**Exercise prompt:**
Only the pictures are to be left out; set down the rest of the records exactly.
*** Provided data Section Begins ***
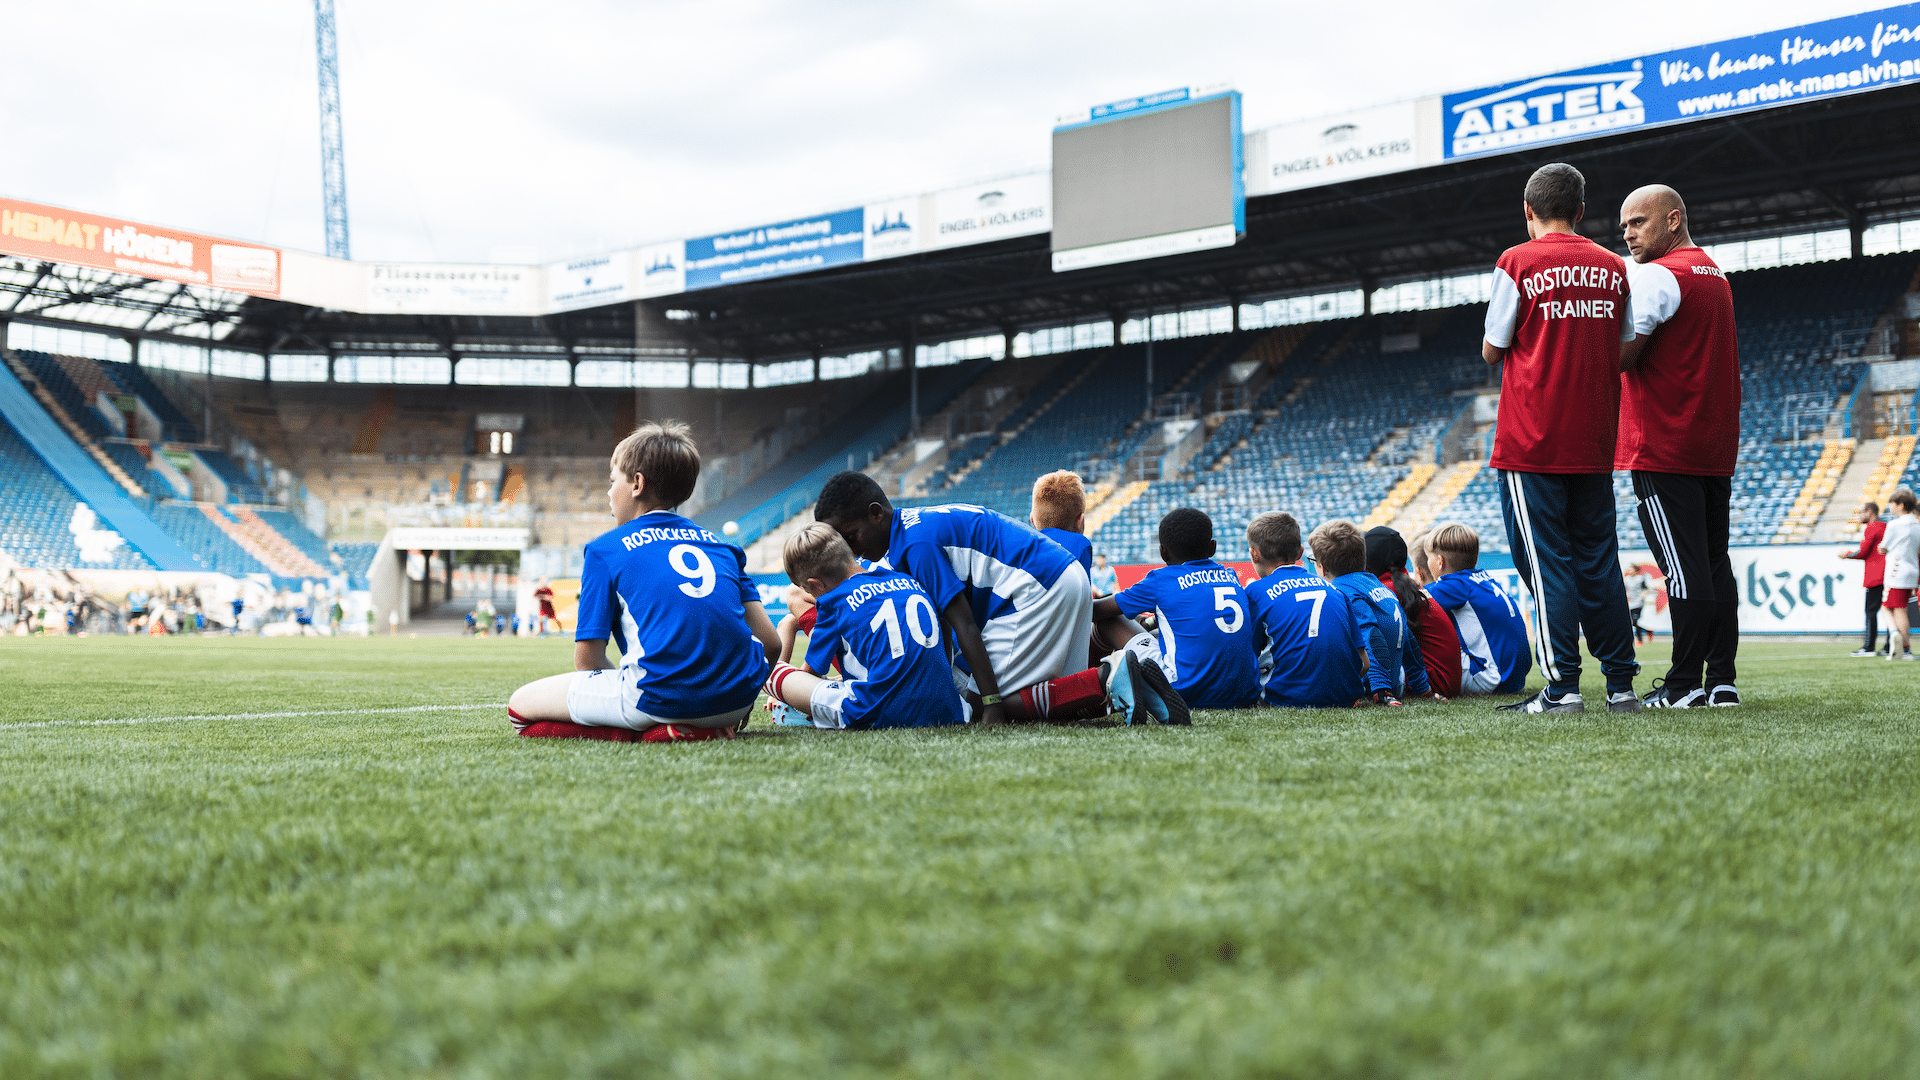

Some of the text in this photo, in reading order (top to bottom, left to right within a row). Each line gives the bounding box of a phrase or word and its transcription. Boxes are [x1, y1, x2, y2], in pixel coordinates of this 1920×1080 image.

[1659, 60, 1705, 87] Wir
[1707, 51, 1775, 81] bauen
[1780, 36, 1866, 66] Häuser
[1453, 80, 1644, 139] ARTEK
[1272, 139, 1412, 177] ENGEL & VÖLKERS
[2, 209, 100, 251] HEIMAT
[103, 225, 194, 268] HÖREN
[1522, 266, 1608, 300] ROSTOCKER
[1539, 300, 1615, 321] TRAINER
[621, 528, 718, 552] ROSTOCKER FC
[668, 544, 716, 598] 9
[846, 578, 913, 612] ROSTOCKER
[1266, 577, 1325, 601] ROSTOCKER
[1746, 558, 1845, 621] bzer
[869, 594, 939, 660] 10
[1213, 586, 1244, 634] 5
[1295, 589, 1327, 638] 7
*** Provided data Section Ends ***
**Solution for this exercise:**
Some of the text in this photo, in reading order (top to bottom, left to right within a row). Each line gives the bounding box of a phrase or word and its transcription. Boxes are [x1, y1, x2, y2], in pixel coordinates of this 1920×1080 image.

[1659, 60, 1705, 87] Wir
[1707, 51, 1775, 81] bauen
[1780, 36, 1866, 66] Häuser
[1453, 80, 1644, 139] ARTEK
[1272, 139, 1412, 177] ENGEL & VÖLKERS
[2, 209, 100, 251] HEIMAT
[103, 225, 194, 268] HÖREN
[1522, 266, 1608, 300] ROSTOCKER
[1539, 300, 1615, 321] TRAINER
[621, 528, 718, 552] ROSTOCKER FC
[668, 544, 716, 598] 9
[846, 578, 913, 612] ROSTOCKER
[1266, 577, 1325, 601] ROSTOCKER
[1746, 558, 1845, 621] bzer
[869, 594, 939, 660] 10
[1213, 586, 1244, 634] 5
[1295, 589, 1327, 638] 7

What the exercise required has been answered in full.